UK coronavirus hospital death toll rises by 59 as new infections continue to soar
The number of coronavirus patients to die in UK hospitals has risen by 59, health authorities have announced.
This includes 54 casualties in England, one in Scotland, three in Wales and one in Northern Ireland.
Those who died in England were aged between 43 and 93, with one person, aged 79, having no known underlying health conditions.
The North West had the highest death toll, with 22 fatalities, while 16 victims died in the North East and Yorkshire.
Yesterday’s increase of 63 hospital deaths was the highest figure since early July, and comes as ministers grapple with a huge rise in new cases.
NHS England has provided a regional breakdown showing where the latest fatalities occured.
The Department of Health will later confirm the number of Covid-19 deaths in all settings.
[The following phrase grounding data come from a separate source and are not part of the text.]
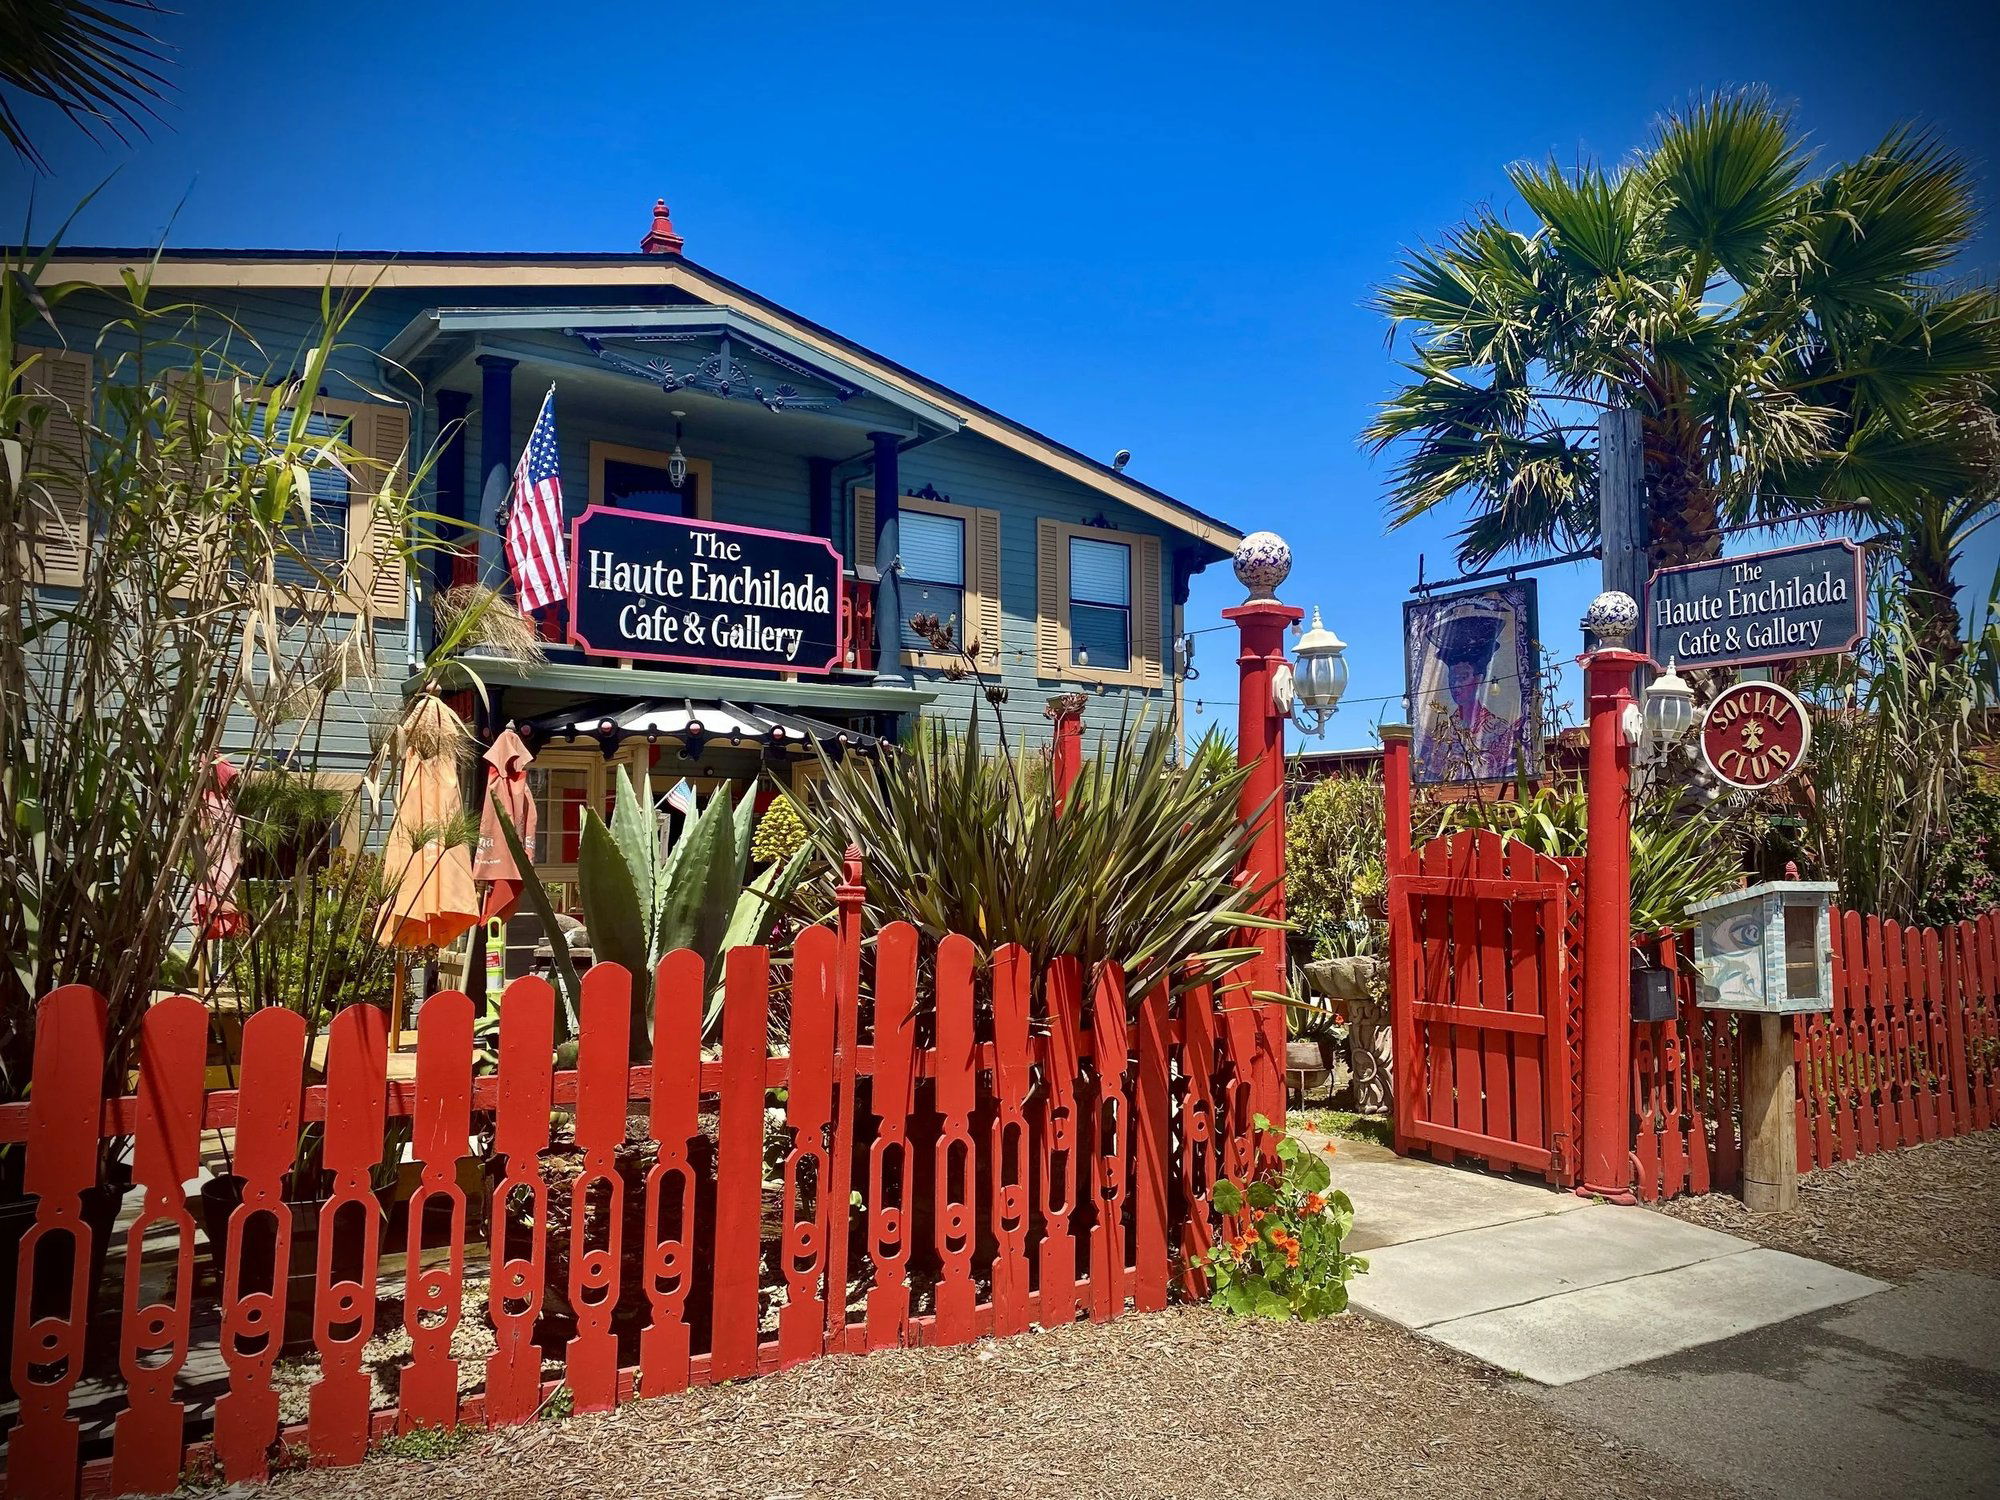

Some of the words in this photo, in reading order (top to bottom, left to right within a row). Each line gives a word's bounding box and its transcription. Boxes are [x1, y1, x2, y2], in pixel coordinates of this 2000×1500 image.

[689, 531, 742, 561] The
[588, 549, 683, 598] Haute
[690, 562, 830, 614] Enchilada
[1732, 562, 1763, 584] The
[1656, 594, 1723, 627] Haute
[1727, 571, 1848, 617] Enchilada
[619, 604, 678, 643] Cafe
[683, 611, 706, 646] &
[711, 613, 804, 662] Gallery
[1678, 626, 1721, 657] Cafe
[1725, 625, 1742, 651] &
[1746, 617, 1823, 648] Gallery
[1711, 691, 1792, 730] SOCIAL
[1718, 744, 1791, 779] CLUB
Yesterday’s figures showed a total of 14,542 people had tested positive for the virus in 24 hours, while the number of people in hospital with coronavirus rose to 2,833.
Of these, 393 are in ventilator beds as health chiefs warn of a surge in hospitalisations.
Yesterday figures from the Office for National Statistics (ONS) revealed that the number of Covid-19 deaths had risen for the third week in a row.
In the week ending September 25 – the most recent available – coronavirus was mentioned on 203 death certificates in England, 12 in Wales, 10 in Scotland and nine in Northern Ireland – a total of 234.
This is 76 higher than the previous week.
Since the start of the pandemic 50,277 death certificates have mentioned coronavirus in England and 2,592 in Wales.
ONS figures reveal that the overall number of deaths was slightly above the five-year average at the end of last month – having fallen below it in August and early September.
Overall there were 9,634 deaths from all causes registered across England and Wales during that week – 111 more than the previous week.
Earlier today damning new research revealed that coronavirus has risen in 19 out of 20 areas that are under at least two months of local lockdown.
Sir Keir said Burnley was at 21 new infections per 100,000 people when local lockdown began in July – now it is at 434.
Bolton was at 18 per 100,000 people – now it is 255. And Bradford was at 54 – now the rate is 258.
That is despite a raft of local lockdown restrictions, which vary but include bans on meeting people you don’t live with indoors, and advice against non-essential travel.